> What the exercise asks:
Although the entries contain pictures, write out only their text, exactly as it stands.
-- Data section follows --
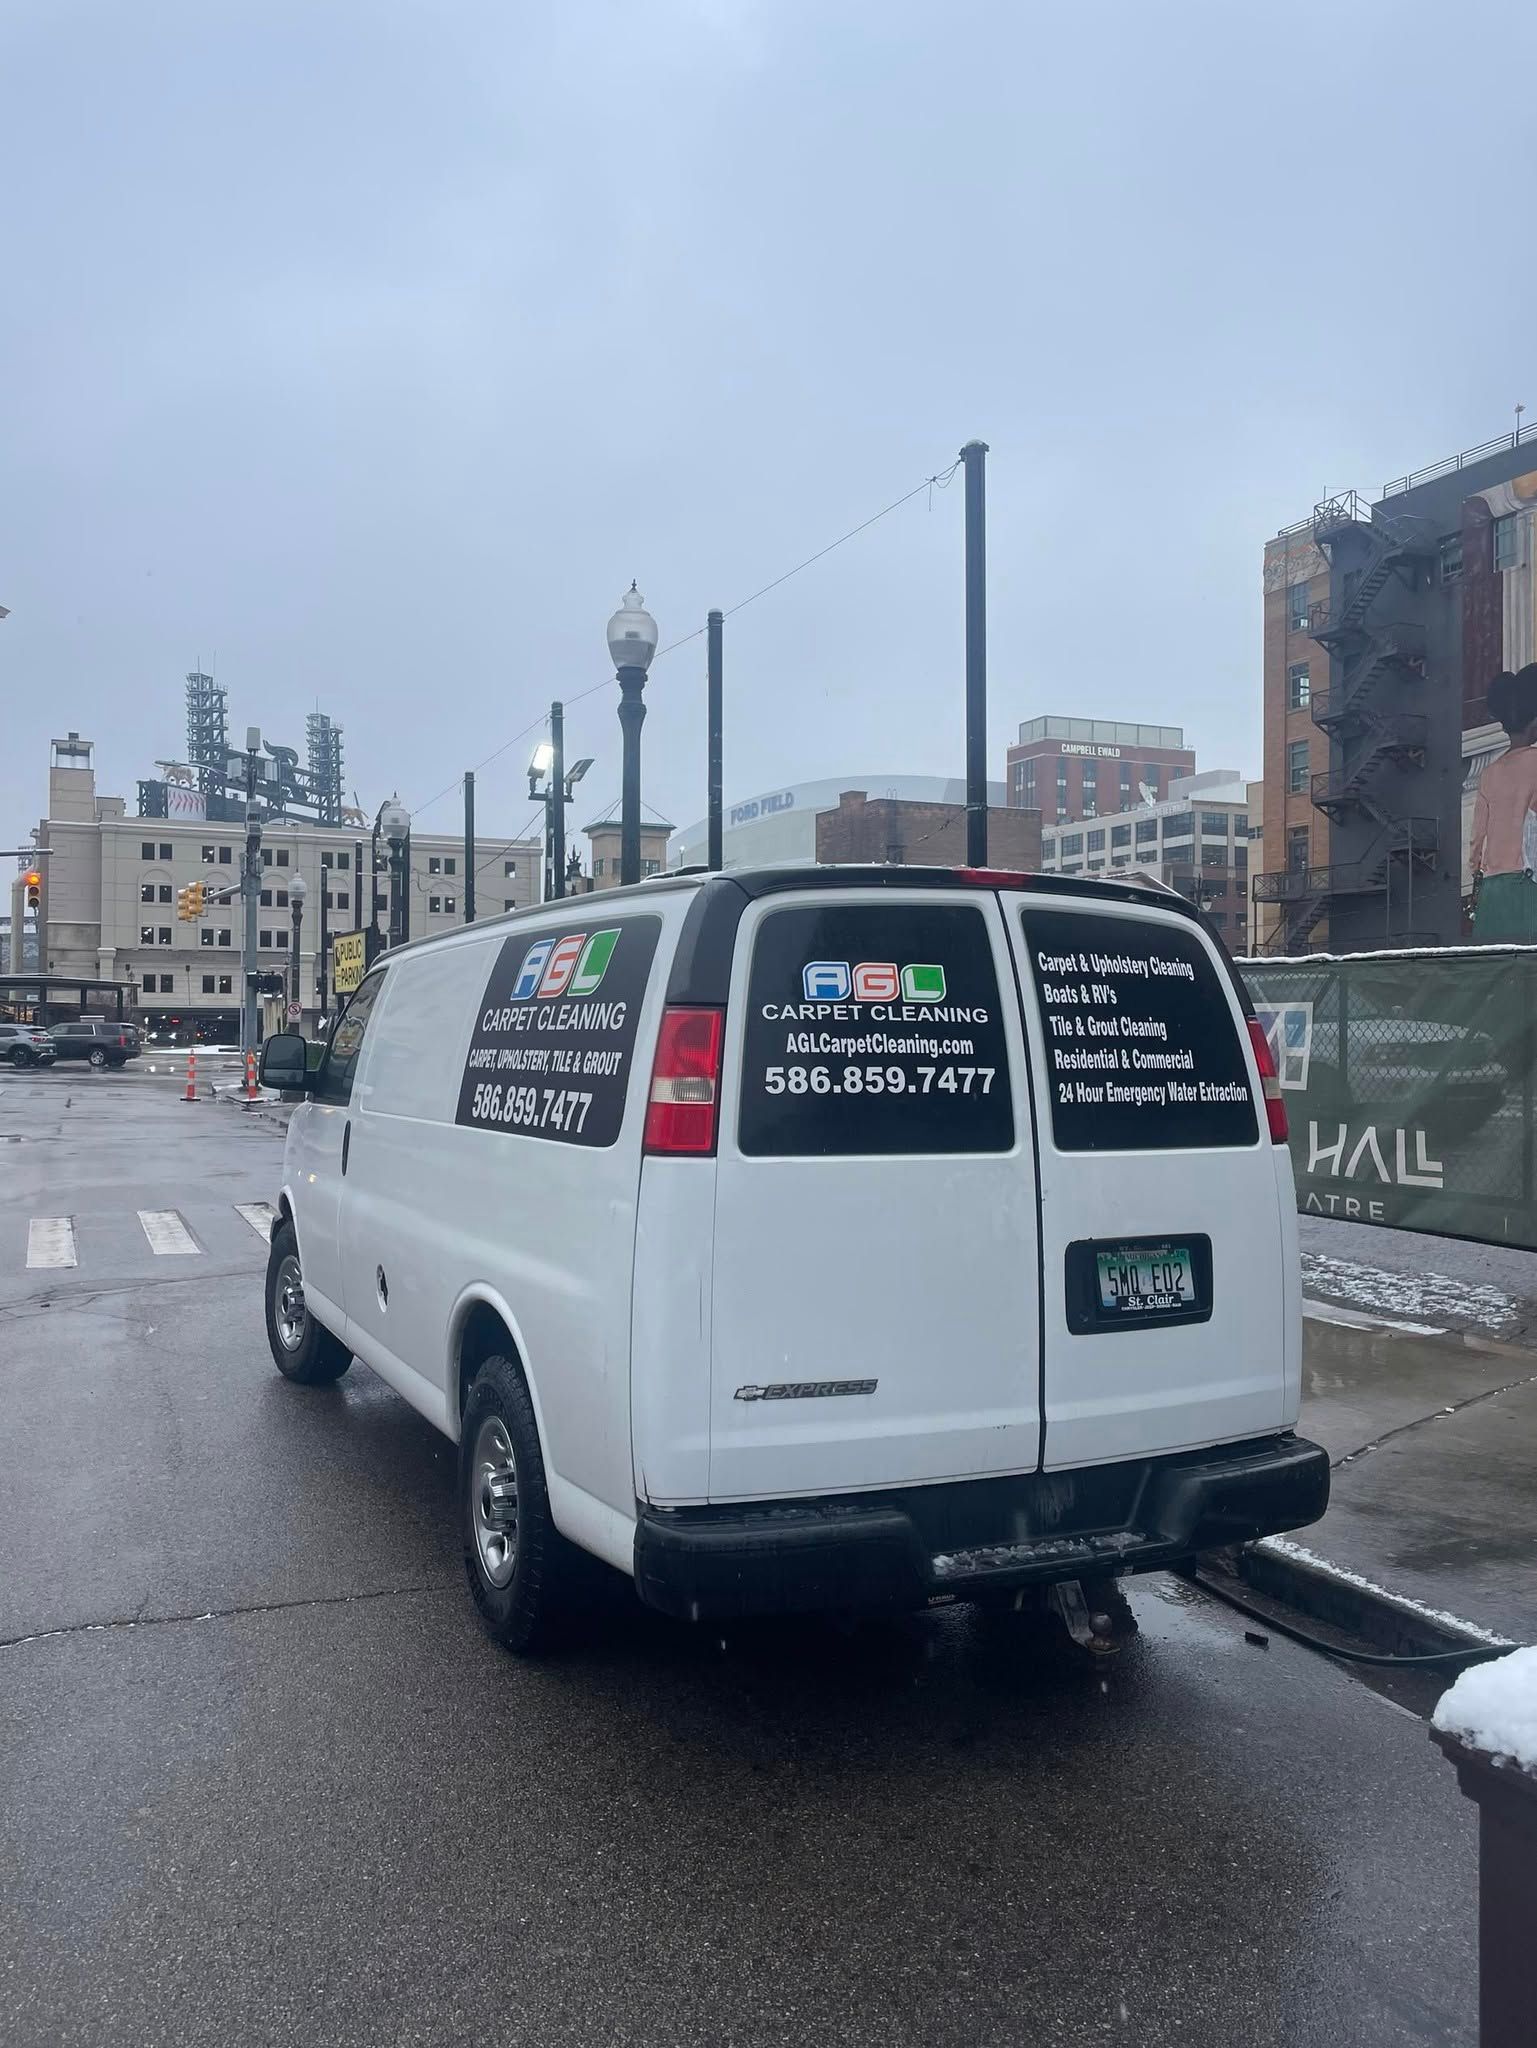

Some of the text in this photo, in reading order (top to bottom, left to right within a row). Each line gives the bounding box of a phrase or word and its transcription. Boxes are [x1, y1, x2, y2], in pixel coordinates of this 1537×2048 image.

[1061, 743, 1120, 757] CAMPBELL EWALD
[340, 939, 362, 961] PUBLIC
[510, 928, 622, 1000] AGL
[1038, 952, 1195, 981] Carpet & Upholstery Cleaning
[802, 961, 947, 1003] AGL
[1043, 983, 1118, 1005] Boats & RV's
[482, 1002, 627, 1032] CARPET CLEANING
[762, 1004, 989, 1024] CARPET CLEANING
[1049, 1015, 1168, 1041] Tile & Grout Cleaning
[786, 1032, 974, 1058] AGLCarpetCleaning.com
[468, 1048, 622, 1076] CARPET, UPHOLSTERY, TILE & GROUT
[1054, 1048, 1195, 1070] Residential & Commercial
[764, 1066, 996, 1095] 586.859.7477
[1058, 1081, 1248, 1107] 24 Hour Emergency Water Extraction
[472, 1083, 593, 1134] 586.859.7477
[1306, 1121, 1444, 1188] HALL
[1128, 1296, 1144, 1307] St.
[1147, 1293, 1174, 1305] Clair
[765, 1379, 878, 1400] EXPRESS
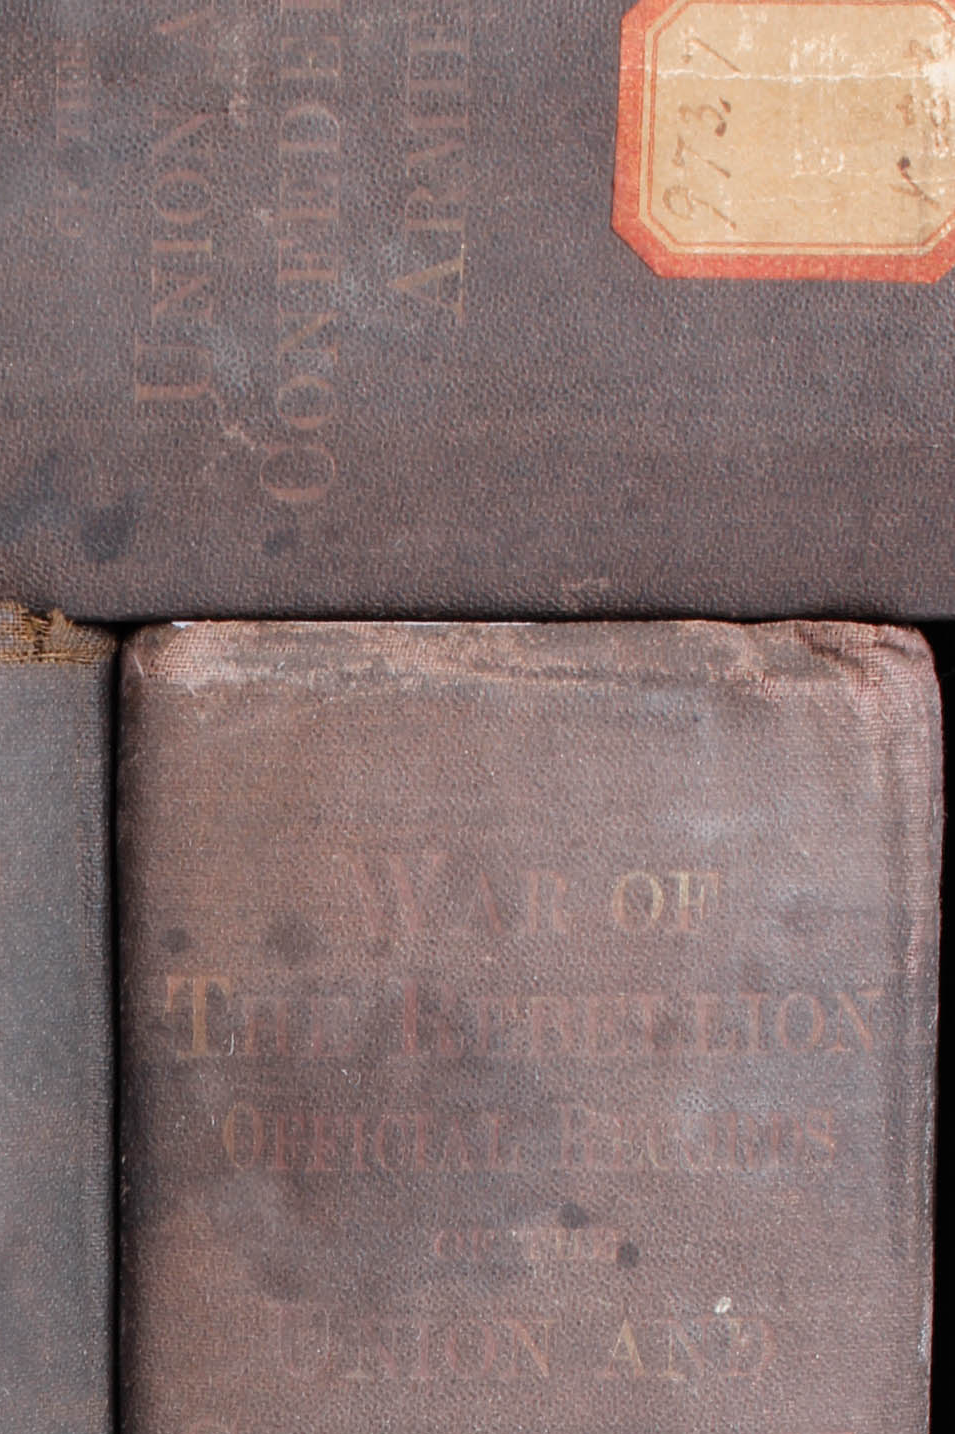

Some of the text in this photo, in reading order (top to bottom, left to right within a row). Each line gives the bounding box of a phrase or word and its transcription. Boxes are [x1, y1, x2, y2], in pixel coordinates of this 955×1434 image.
-- Data section concluded --
> Response area:
Some of the text in this photo, in reading order (top to bottom, left to right within a row). Each line gives the bounding box of a phrase or word and its transcription. Boxes are [x1, y1, x2, y2], in pixel coordinates of this 1537×2048 image.

[1061, 743, 1120, 757] CAMPBELL EWALD
[340, 939, 362, 961] PUBLIC
[510, 928, 622, 1000] AGL
[1038, 952, 1195, 981] Carpet & Upholstery Cleaning
[802, 961, 947, 1003] AGL
[1043, 983, 1118, 1005] Boats & RV's
[482, 1002, 627, 1032] CARPET CLEANING
[762, 1004, 989, 1024] CARPET CLEANING
[1049, 1015, 1168, 1041] Tile & Grout Cleaning
[786, 1032, 974, 1058] AGLCarpetCleaning.com
[468, 1048, 622, 1076] CARPET, UPHOLSTERY, TILE & GROUT
[1054, 1048, 1195, 1070] Residential & Commercial
[764, 1066, 996, 1095] 586.859.7477
[1058, 1081, 1248, 1107] 24 Hour Emergency Water Extraction
[472, 1083, 593, 1134] 586.859.7477
[1306, 1121, 1444, 1188] HALL
[1128, 1296, 1144, 1307] St.
[1147, 1293, 1174, 1305] Clair
[765, 1379, 878, 1400] EXPRESS

Some of the text in this photo, in reading order (top to bottom, left to right within a row). Each line gives the bounding box of a phrase or word and its transcription. Boxes are [x1, y1, x2, y2], in pixel coordinates of this 955×1434 image.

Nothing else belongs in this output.